Would I Lie to You? (informally abbreviated as WILTY; also known as Would I Lie to You? America or Would I Lie to You? USA) is an American comedy panel game show based on the British game show of the same name. It premiered on April 9, 2022 on The CW.

Format
In all rounds, the scoring system is the same: teams gain a point for correctly guessing whether a statement is true or not, but if they guess incorrectly the opposing team gets a point. 

 "Home Truths": Panelists read out a statement about themselves. The opposing team must ask the panelist questions to decide if the statement is true or false.
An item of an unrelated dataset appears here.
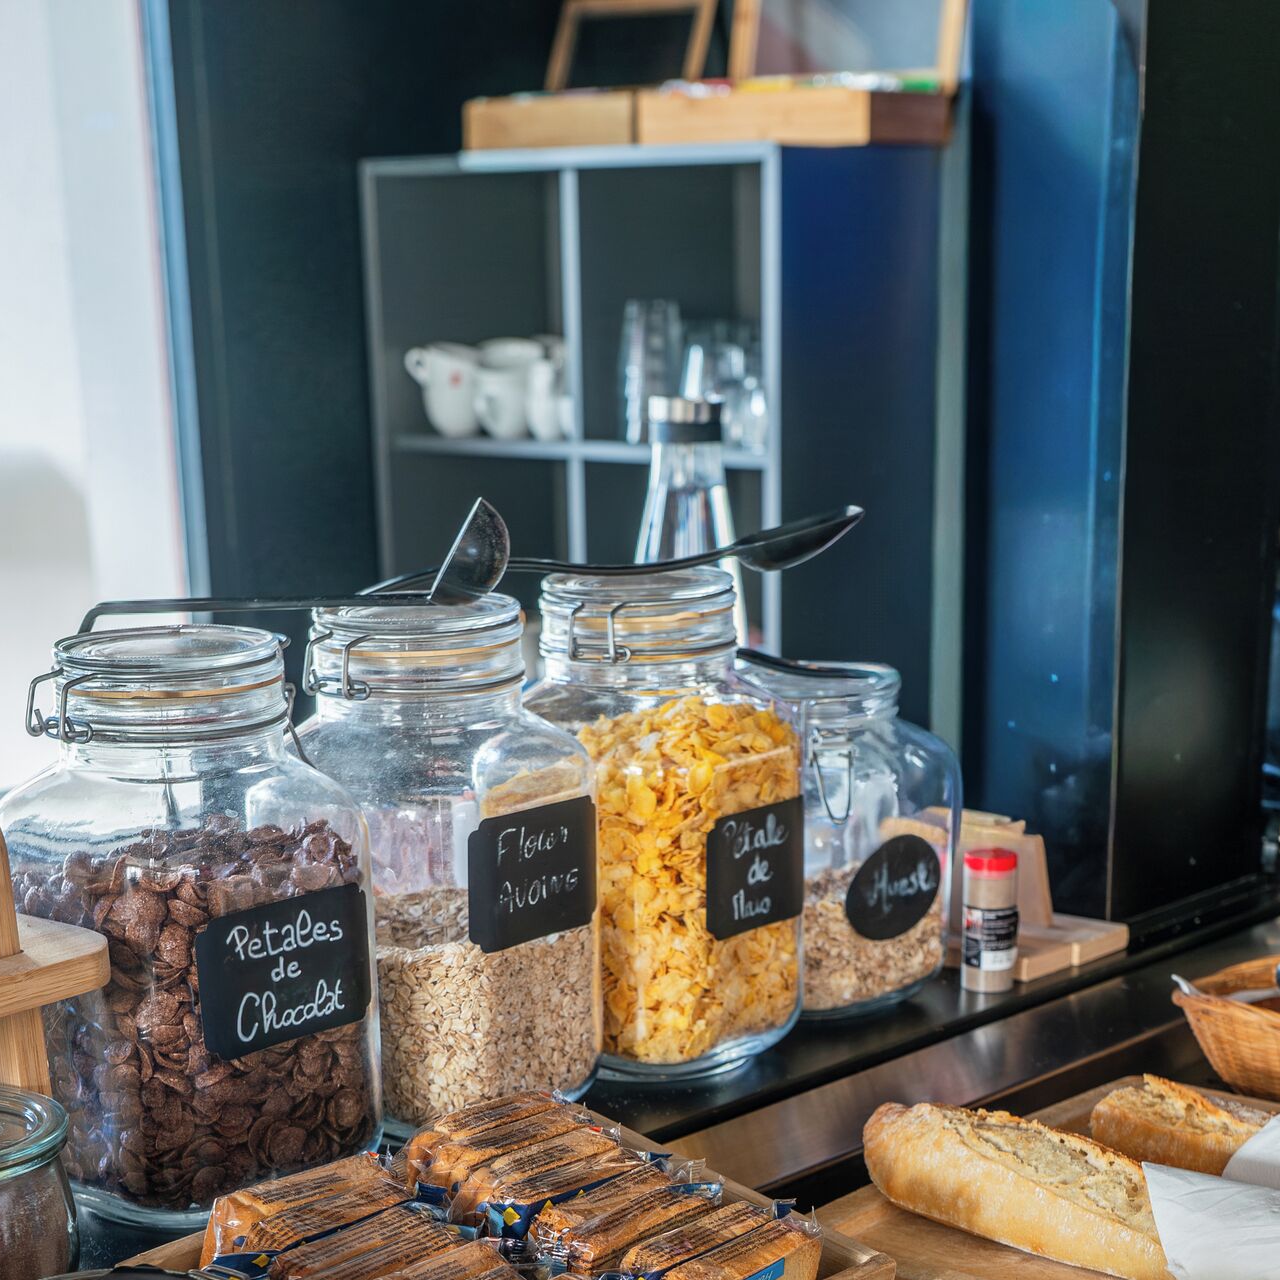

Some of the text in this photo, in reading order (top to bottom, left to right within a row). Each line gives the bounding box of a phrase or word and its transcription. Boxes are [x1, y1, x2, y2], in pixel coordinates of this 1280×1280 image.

[748, 851, 774, 886] de
[270, 955, 303, 983] de
[236, 977, 346, 1043] Chocolat
 "This is My...": A guest comes onto the set and is introduced by first name, but remains standing in silence as the round continues. Panelists on one team tell the opposing team about their connection to the guest; only one account out of three told is true, and the opposing team has to work out which it is. At the end of the round, the guest reveals their true identity, and which of the panelists they have a genuine relationship with.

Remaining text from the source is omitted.